No conflict with school or football season.

Why not allow a kid to narrow his choices and then go to a camp and actually be coached by the staff that he is committing to for 4-5 years? It's a big damn decision!

I played in Arizona and I can vouch that we'd get pretty much every kid we wanted to visit from that sun scorched hell-hole.
 
I looked up the all time record for New Orleans and it was only 104 F.

:cautious:

:mad::mad::mad:

Damn you! it was MFing hot. Memory + Age + Alcohol. Forgive me.

Edit: I think were both wrong. The all-time hottest temperature ever recorded in New Orleans is 102 degrees which occurred on August 22, 1980. The hottest temperature ever recorded in the state of Louisiana is 114 degrees, which occurred on August 10, 1936 in Plain Dealing.

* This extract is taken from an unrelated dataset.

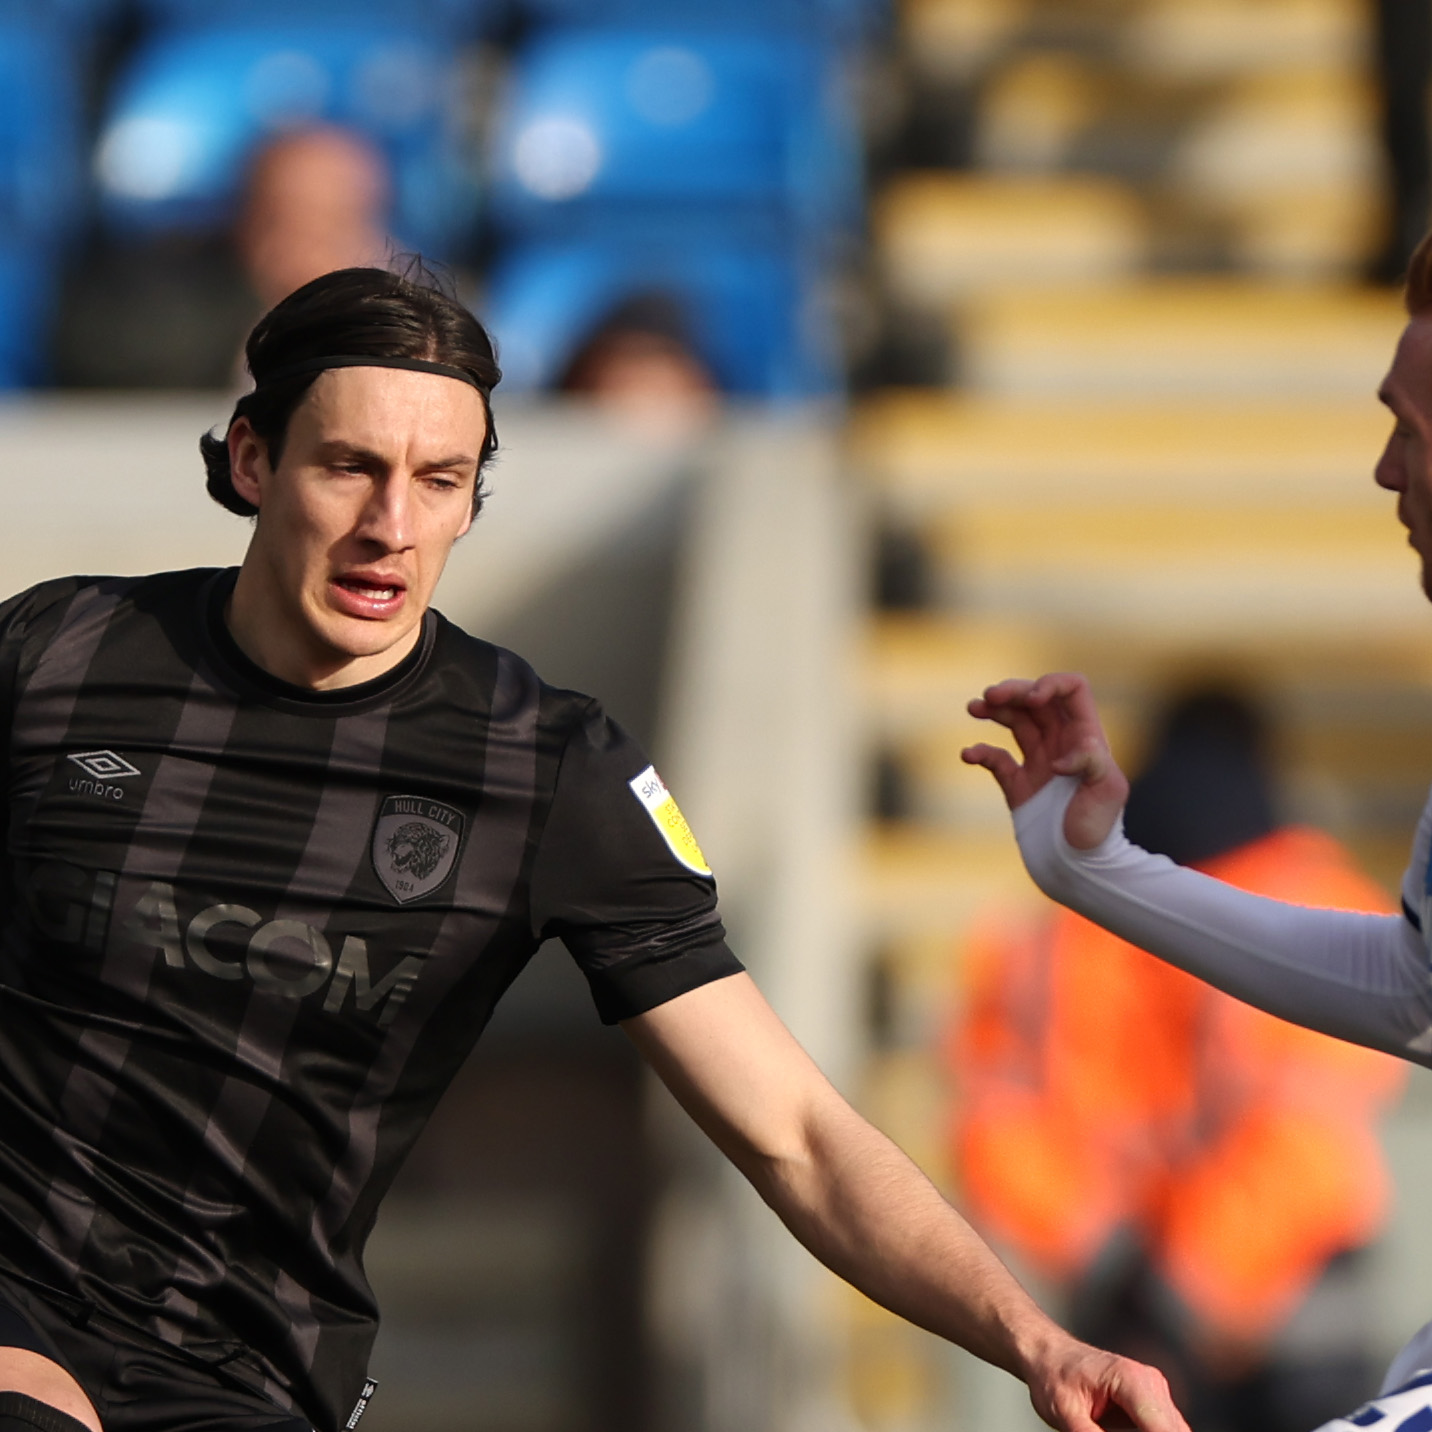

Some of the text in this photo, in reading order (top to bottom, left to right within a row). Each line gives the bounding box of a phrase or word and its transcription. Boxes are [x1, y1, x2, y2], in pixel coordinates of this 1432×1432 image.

https://new-orleans-la.knoji.com/10-alltime-hottest-weather-temperature-days-in-new-orleans/
 
Pffft. I've been to Death Valley when it hit 121. I mowed lawns all day in Vegas when it was 116. But I admit, I've never felt anything like Florida when it's 95. Or Tulsa when it's close to 100.
 
New Orleans is a special kind of hot. The wind blows a bit in Florida. The air in Louisiana is stagnate. Heavy, wet, hot air. Brutal.

But kind of fun if you're drinking your head off on Bourbon St.
 
New Orleans is a special kind of hot. The wind blows a bit in Florida. The air in Louisiana is stagnate. Heavy, wet, hot air. Brutal.

But kind of fun if you're drinking your head off on Bourbon St.

That sollution worked for us. Those shops with the slurpee machines full of daquri or pina colada or rum runner were a god send. MFer was hot that day.
 
Pffft. I've been to Death Valley when it hit 121. I mowed lawns all day in Vegas when it was 116. But I admit, I've never felt anything like Florida when it's 95. Or Tulsa when it's close to 100.

Come to WV in the summer! The humidity never leaves the 90s. It's hard to breathe in that stuff. Definitely right on the Florida heat. Used to spend my summers in Orlando with Grandma and aunts. It would rain for an hour and be dry in 20 minutes.
 
Nope. Salt tablets were a real thing back in the day to replace sodium you sweated out was what the coach said.

Or maybe Moses brought them down from the mount.
 
Last edited:
Nope. Salt tablets were a real thing back in the day to replace sodium you sweated out was what the coach said.

Or maybe Moses brought them down from the mount.
I think they were replaced by Gatorade.
 
I think they were replaced by Gatorade.